Exercise → Although the records contain pictures, only their text should be set down, exactly as written.

[Data entries]
──────────
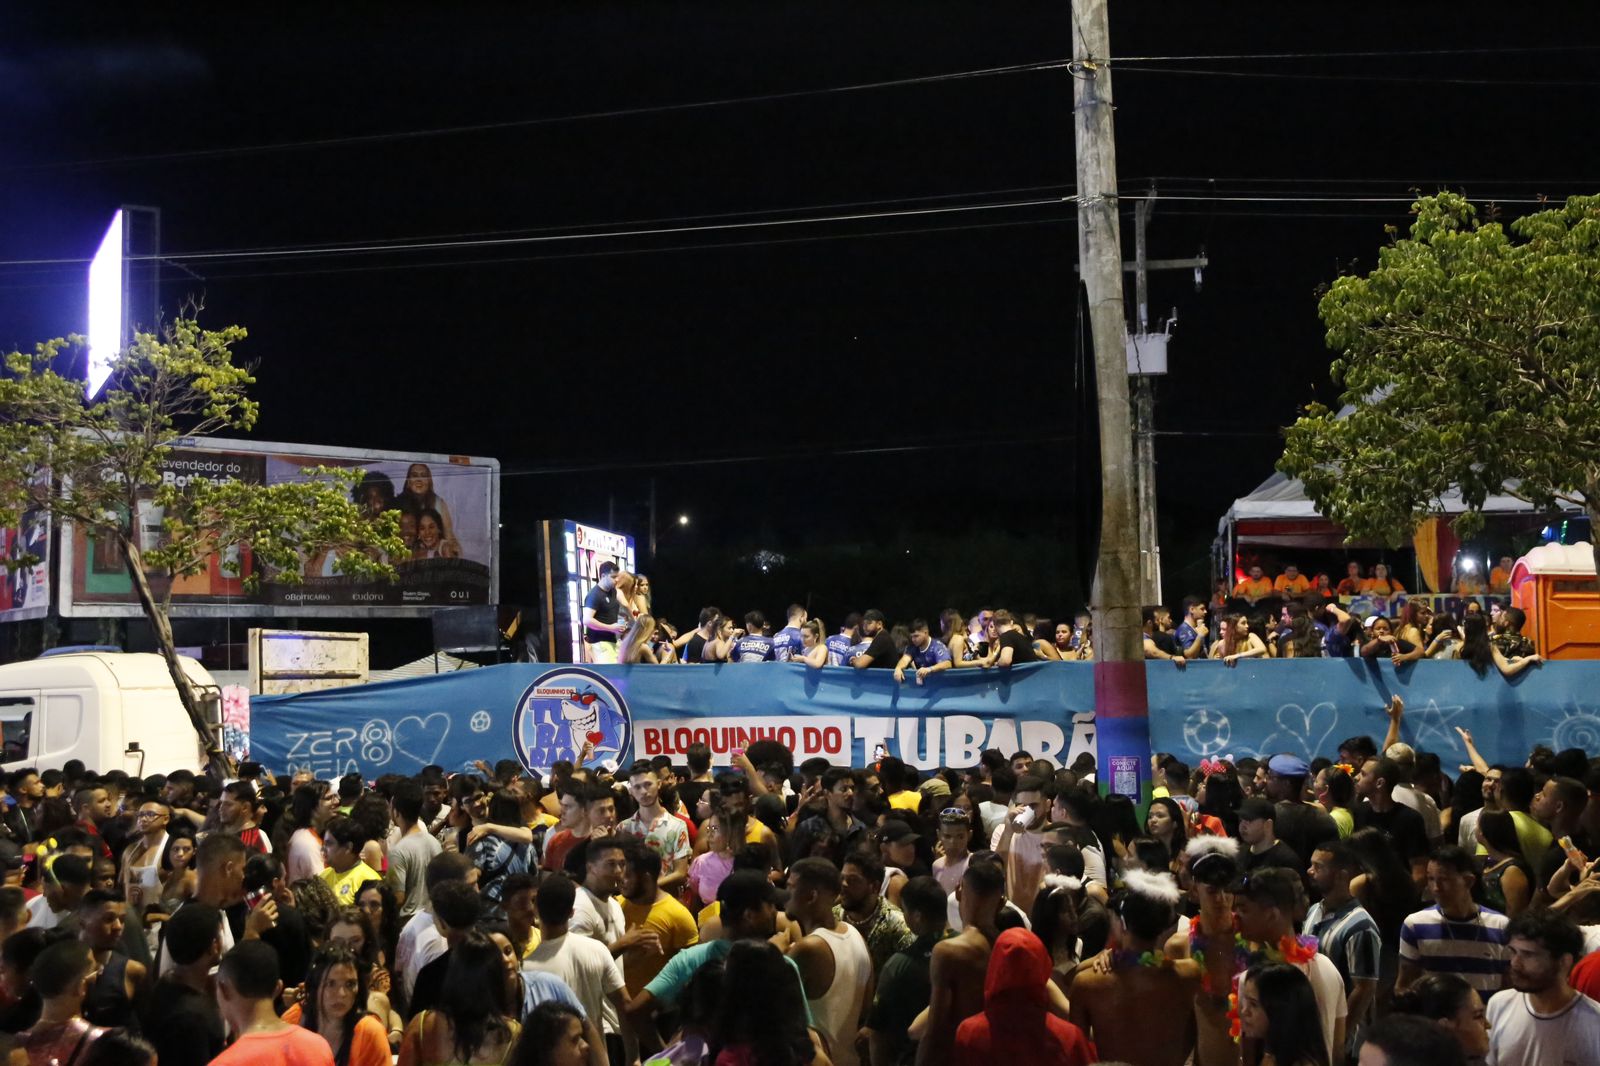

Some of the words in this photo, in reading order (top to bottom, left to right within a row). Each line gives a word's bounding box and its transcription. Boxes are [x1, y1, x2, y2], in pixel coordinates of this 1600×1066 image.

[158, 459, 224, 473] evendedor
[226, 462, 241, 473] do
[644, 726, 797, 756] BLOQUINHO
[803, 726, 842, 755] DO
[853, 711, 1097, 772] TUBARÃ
──────────
Response →
Some of the words in this photo, in reading order (top to bottom, left to right within a row). Each line gives a word's bounding box and its transcription. Boxes are [x1, y1, x2, y2], in pixel coordinates of this 1600×1066 image.

[158, 459, 224, 473] evendedor
[226, 462, 241, 473] do
[644, 726, 797, 756] BLOQUINHO
[803, 726, 842, 755] DO
[853, 711, 1097, 772] TUBARÃ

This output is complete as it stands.